I've got a nice old Sud in half-decent nick.  I'm trying to keep it fairly stock looking (maybe not under the bonnet).  It has an old Ford car radio, and a separate cassette unit, neither of which are working.  I'd like to throw in something period looking.

I think these cars probably came to Australia without a radio fitted, and dealers optioned them with something available locally?  Can anyone confirm my theory?

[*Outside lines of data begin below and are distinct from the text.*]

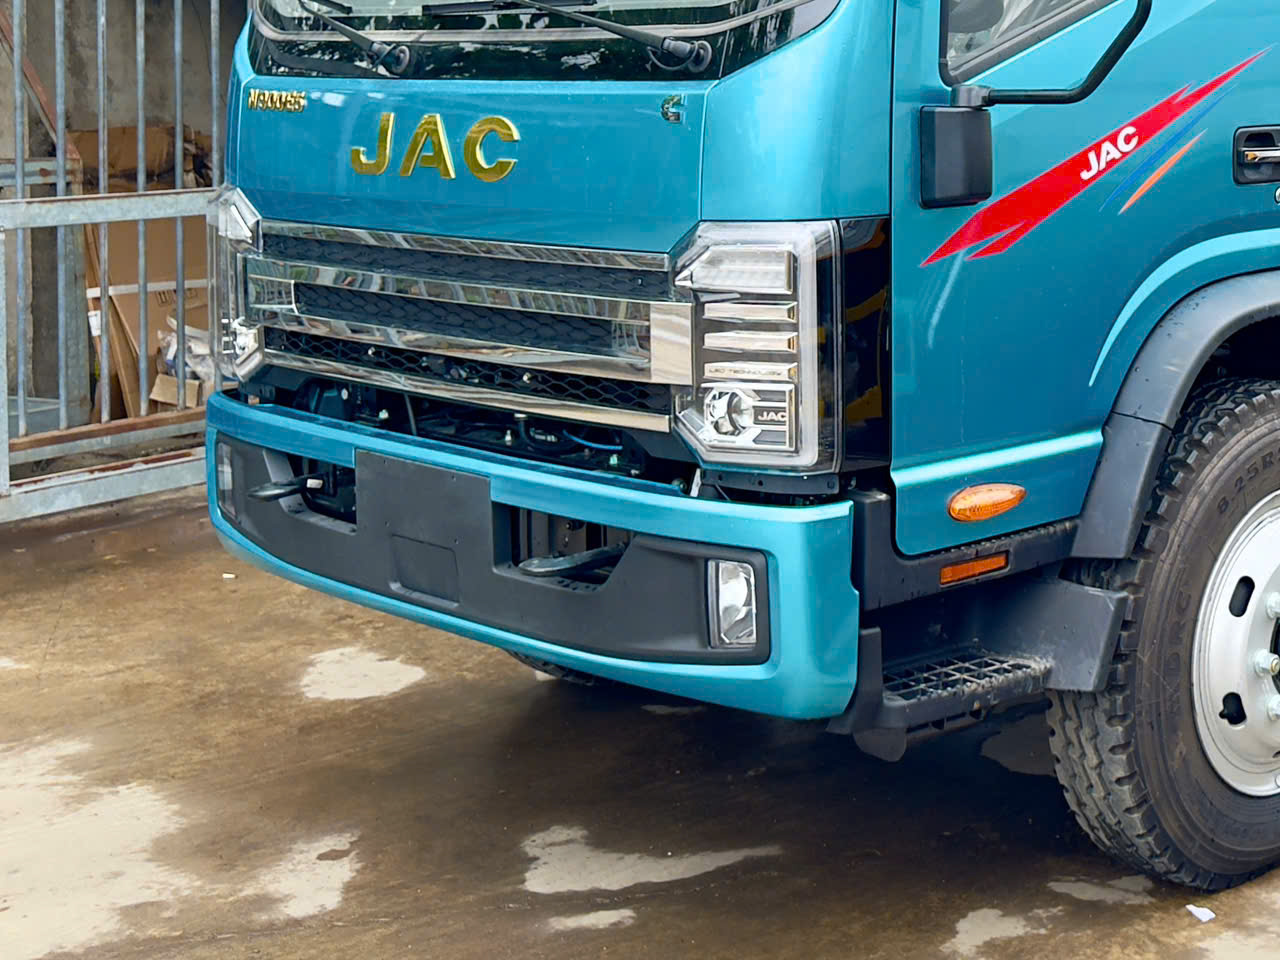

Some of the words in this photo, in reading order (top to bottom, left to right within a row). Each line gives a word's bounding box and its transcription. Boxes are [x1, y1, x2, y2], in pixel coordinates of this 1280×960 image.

[351, 112, 521, 183] JAC
[1080, 126, 1139, 180] JAC
[758, 411, 787, 421] JAC
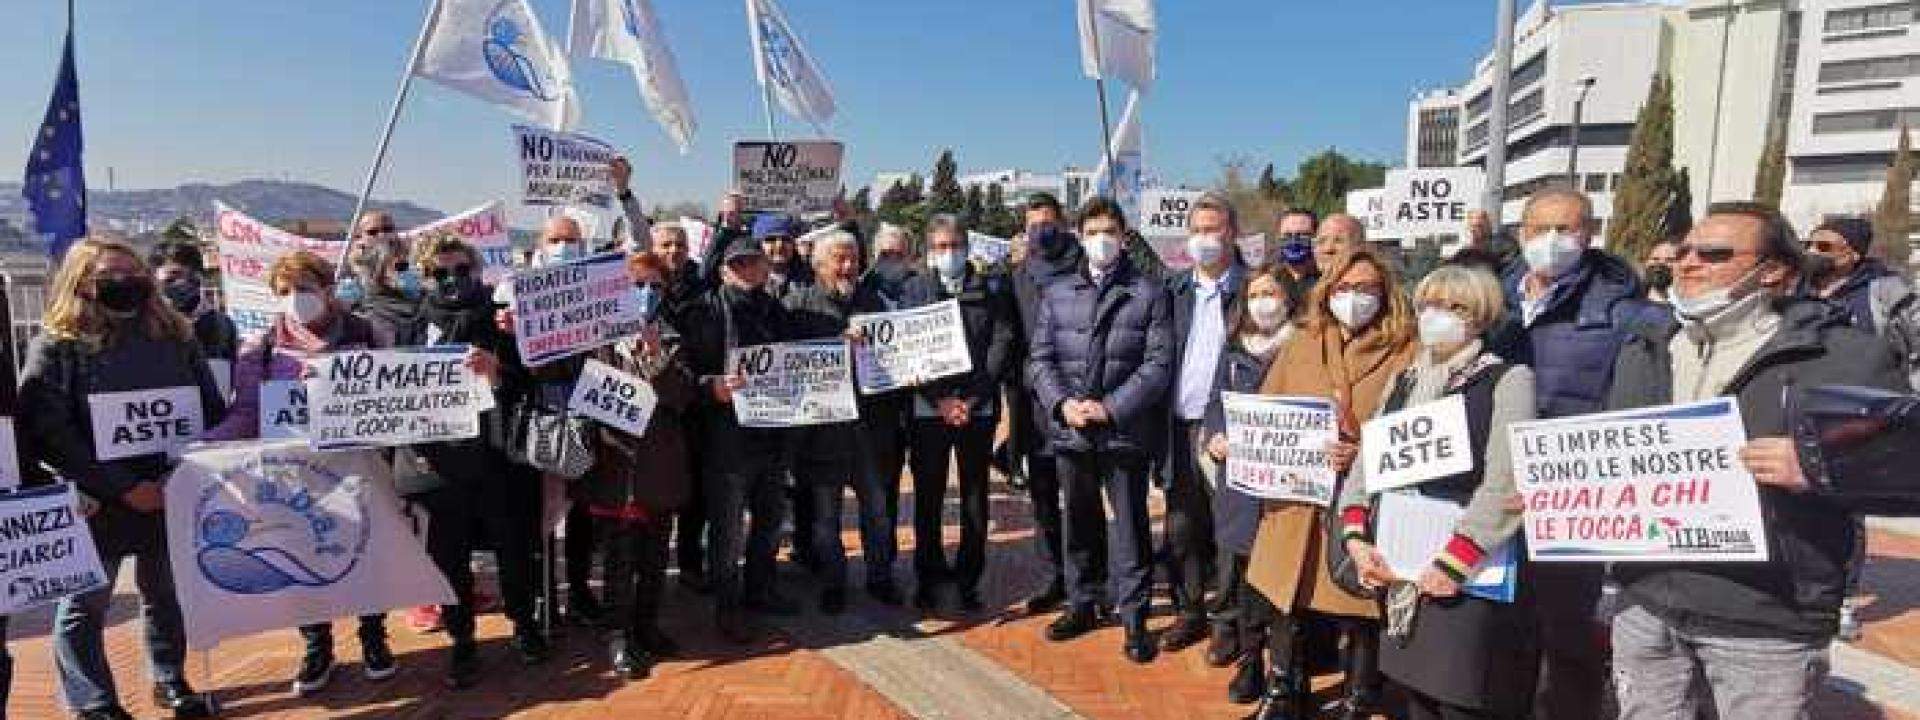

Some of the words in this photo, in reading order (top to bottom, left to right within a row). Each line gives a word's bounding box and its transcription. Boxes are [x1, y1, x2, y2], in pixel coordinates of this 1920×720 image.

[521, 134, 554, 162] NO
[762, 143, 797, 168] NO
[1411, 178, 1452, 199] NO
[1160, 196, 1189, 212] NO
[1367, 196, 1384, 212] N
[1396, 201, 1466, 223] ASTE
[1150, 213, 1188, 228] AST
[861, 319, 894, 346] NO
[331, 352, 374, 381] NO
[375, 358, 463, 390] MAFIE
[738, 347, 773, 376] NO
[288, 388, 308, 406] N
[602, 374, 636, 400] NO
[125, 399, 173, 419] NO
[273, 407, 308, 426] AS
[584, 388, 642, 422] ASTE
[112, 418, 192, 444] ASTE
[355, 415, 404, 436] COOP
[1389, 415, 1433, 446] NO
[1522, 434, 1548, 456] LE
[1557, 422, 1671, 453] IMPRESE
[1379, 437, 1454, 474] ASTE
[1527, 459, 1589, 482] SONO
[1598, 456, 1621, 478] LE
[1631, 447, 1730, 476] NOSTRE
[1531, 486, 1603, 511] GUAI
[1616, 483, 1637, 508] A
[1651, 477, 1711, 507] CHI
[0, 505, 74, 542] NNIZZI
[1535, 516, 1559, 540] LE
[1565, 514, 1644, 540] TOCCA
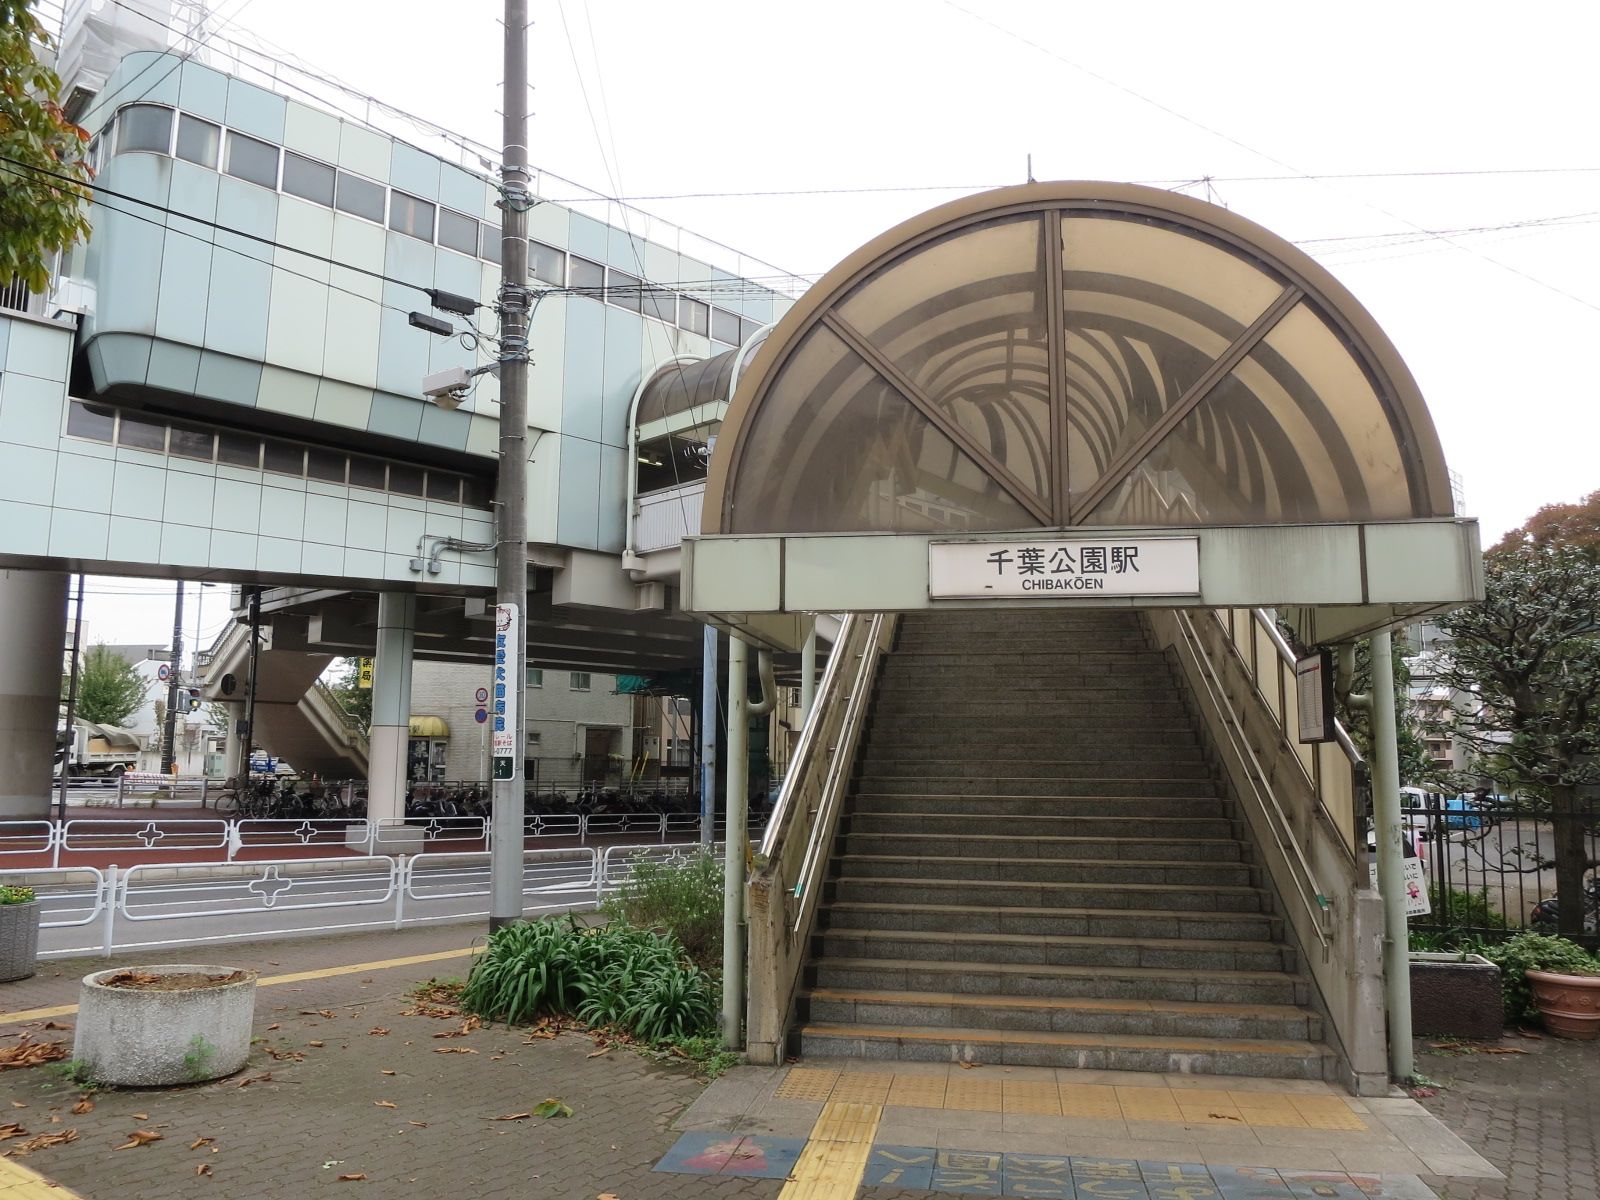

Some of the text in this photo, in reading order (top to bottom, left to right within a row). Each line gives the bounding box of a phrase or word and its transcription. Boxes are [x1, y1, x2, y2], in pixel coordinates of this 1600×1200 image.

What would a popular decent car radio (not cassette) make/model have been in 1974?

thanks,
Evan.
Newest to oldest:
'13 Alfa Mito QV
'77 Alfasud Ti
'74 Alfasud Sedan
'68 1750 GTV
--> Slow and Fun - my Alfa journal

colcol

Oh dear, 1974 was the year i started work, in 1975 i purchased a  AM FM Pioneer Radio Cassette, to replace the lame AWA pushbutton AM radio.
All radio's in the olden days were AM, FM was classical music only.
Clarion were quite a good radio also Phillips were good because they had '11 transistors', as opposed to the cheapscate radios that had less than 11 transistors.
Do it yourself wrecking yards have a good choice of radio's, usually in a large box marked $10 each.
You could have a look on ebay, as they have good radio's with AM FM, MP3 and i tunes in a package designed to look like an 70's AM pushbutton radio.
Holden had their own brand called Nasco and Ford had Motorcraft?
Not many cars had radio's in 1974, due to their high prices, the Sud being a cheaper car most likely didn't have a radio, a bloke i knew at United Sound use to fit Radio's to Alfa Romeo's in the 70's, as it was a way the dealers could earn some extra money, Colin.
1974 VW Passat [ist car] 1984 Alfa 33TI [daily driver] 2002 Alfa 156 JTS [daily driver]

Doug Gould

Colin

Have you forgotten EON FM?? I recall that it was transmitting illegally for some time before the launch of FM which I thought was about 1974.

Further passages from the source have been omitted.